About 4 months later, I had enough to start assembling! Over the course of the last two weeks, I sewed together all of my squares and last night finished the last one. HUZZAH!

Only... they were still pretty loose and bumpy. I thought that it was acceptable for a beginner's project and since I was keeping it myself I could overlook the bumps. I also was hoping that a hot water wash and hot-hot dryer would help felt it all together.

It did... sorta.


About 30% of my squares started to unravel. I guess I didn't finish all of the squares the same (honestly, I was winging it since I didn't REALLY know what I was doing). Toward the end, I had started tying the loose strings into knots and then weaving in the tails. It seems to have worked. Except for when it didn't.

I wouldn't say it's garbage-worthy just yet. I could still sew together some patches and probably fix a lot of it. But it's going to be MORE WORK. Either that, or the cat just got a new blankie!
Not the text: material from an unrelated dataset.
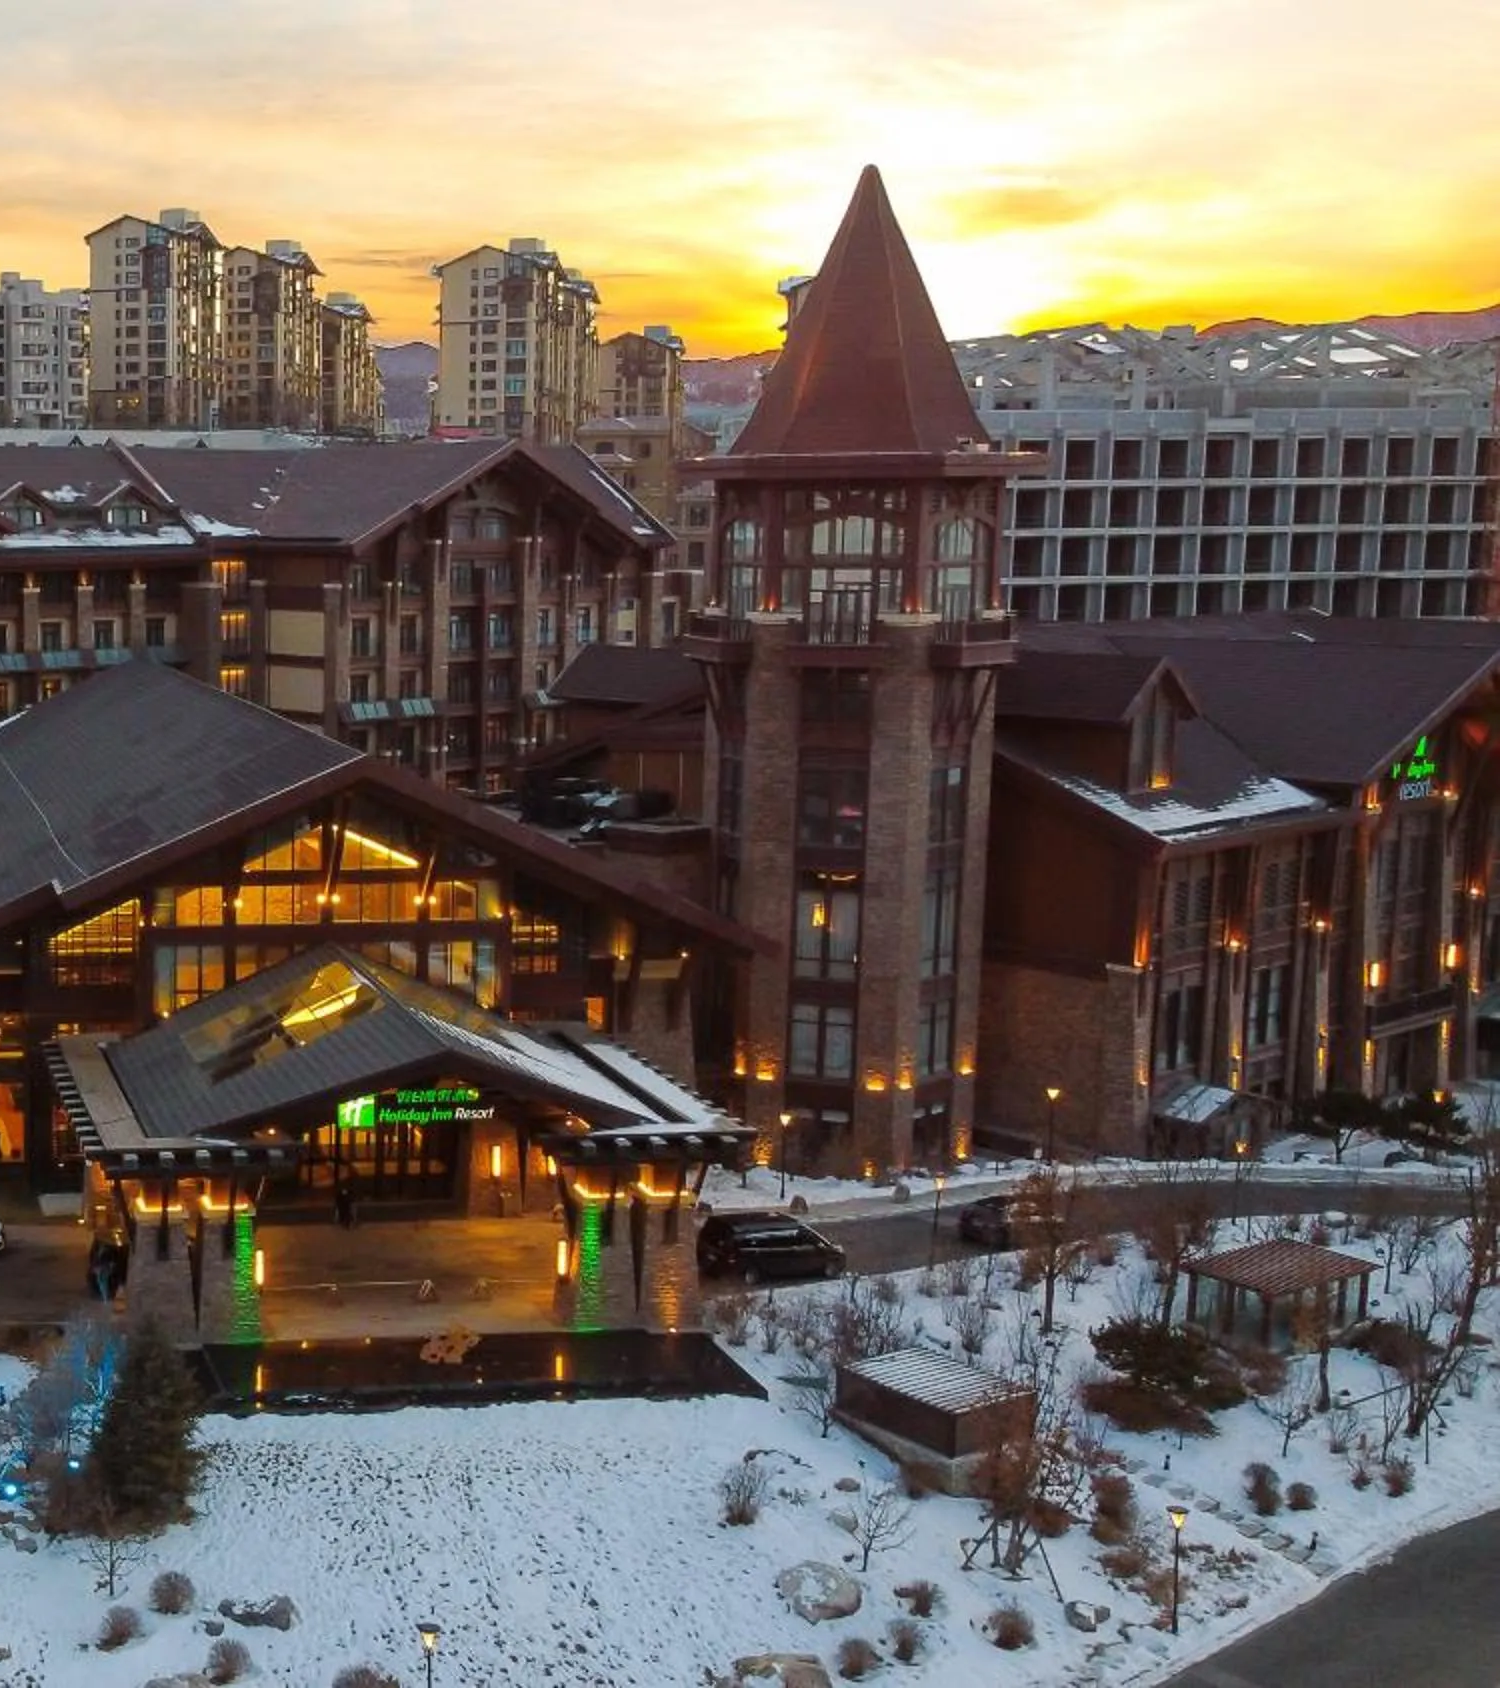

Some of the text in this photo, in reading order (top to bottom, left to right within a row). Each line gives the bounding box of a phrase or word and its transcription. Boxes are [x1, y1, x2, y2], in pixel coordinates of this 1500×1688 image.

I still don't know how grannies for centuries have managed to build these quilts. I have one that was given to me as a gift for my birthday and I marvel at it daily. The consistent stitches! The lovely scalloped edge! The even sewing! So at least I have one beautiful blanket to look at while I'm patching up my own quilt that looks like rats chewed it!


Tuesday, November 29, 2011

glitter painted coffee table

My friend, Brad, is a store designer. A couple of years ago, he was working for Urban Outfitters (Ryan's old job) and they had a store plan to decorate with a bunch of tables. Which meant that he had to make a bunch of tables. What most people don't think about with store design elements is that they're only used for a limited time and then they're disposed of. So after this particular display was done, Brad had about 15 tables that he couldn't bear to part with -- they were a lot of hard work to make by hand! -- so he asked us if we wanted to take any of them. I snapped up this (handmade) coffee table that was painted in matte lime green.

comfy table!

For the past couple of years, I had intended to repaint it. I love the lime green, but it needed some freshening up. I had been debating forever what and how to paint it... glossy green? More matte? Maybe a brighter green or add a harlequin print to it? After stalling for a REALLY long time, I saw that Krylon started making some really great glitter spray paints. After seeing some projects pop up here and there online, I thought THIS IS IT! I'll glitter paint my table!

I decided to stick with the lime green color palette that I already had on the table and chose the Citrus Dream type, which is mostly lime greens with a hint of golds and yellows. The can says that it will cover a 5x5 foot square area, so I picked up two cans thinking it would be more than enough for my 2x4" table.

My first test was on a plain, balsa wood embroidery hoop. One quick spritz did a pretty good job of covering, so I thought this would be a cake walk. The directions say that the paint dries in 20 minutes and can be handled in 24 hours. I figured within an hour, I'd have it totally painted and ready to gloss coat the top...


So, I set up shop on the lawn. I got a big drop cloth to protect the grass, which was a REALLY good call because the glitter flies EVERYWHERE.  My table was pretty scruffy and had cup rings and even a pink patch where some felt got stuck to it (don't ask) but after a quick wipe down, it was ready to start. I figured that the glitter would cover the imperfections, like the cup rings, so I didn't repaint the table first.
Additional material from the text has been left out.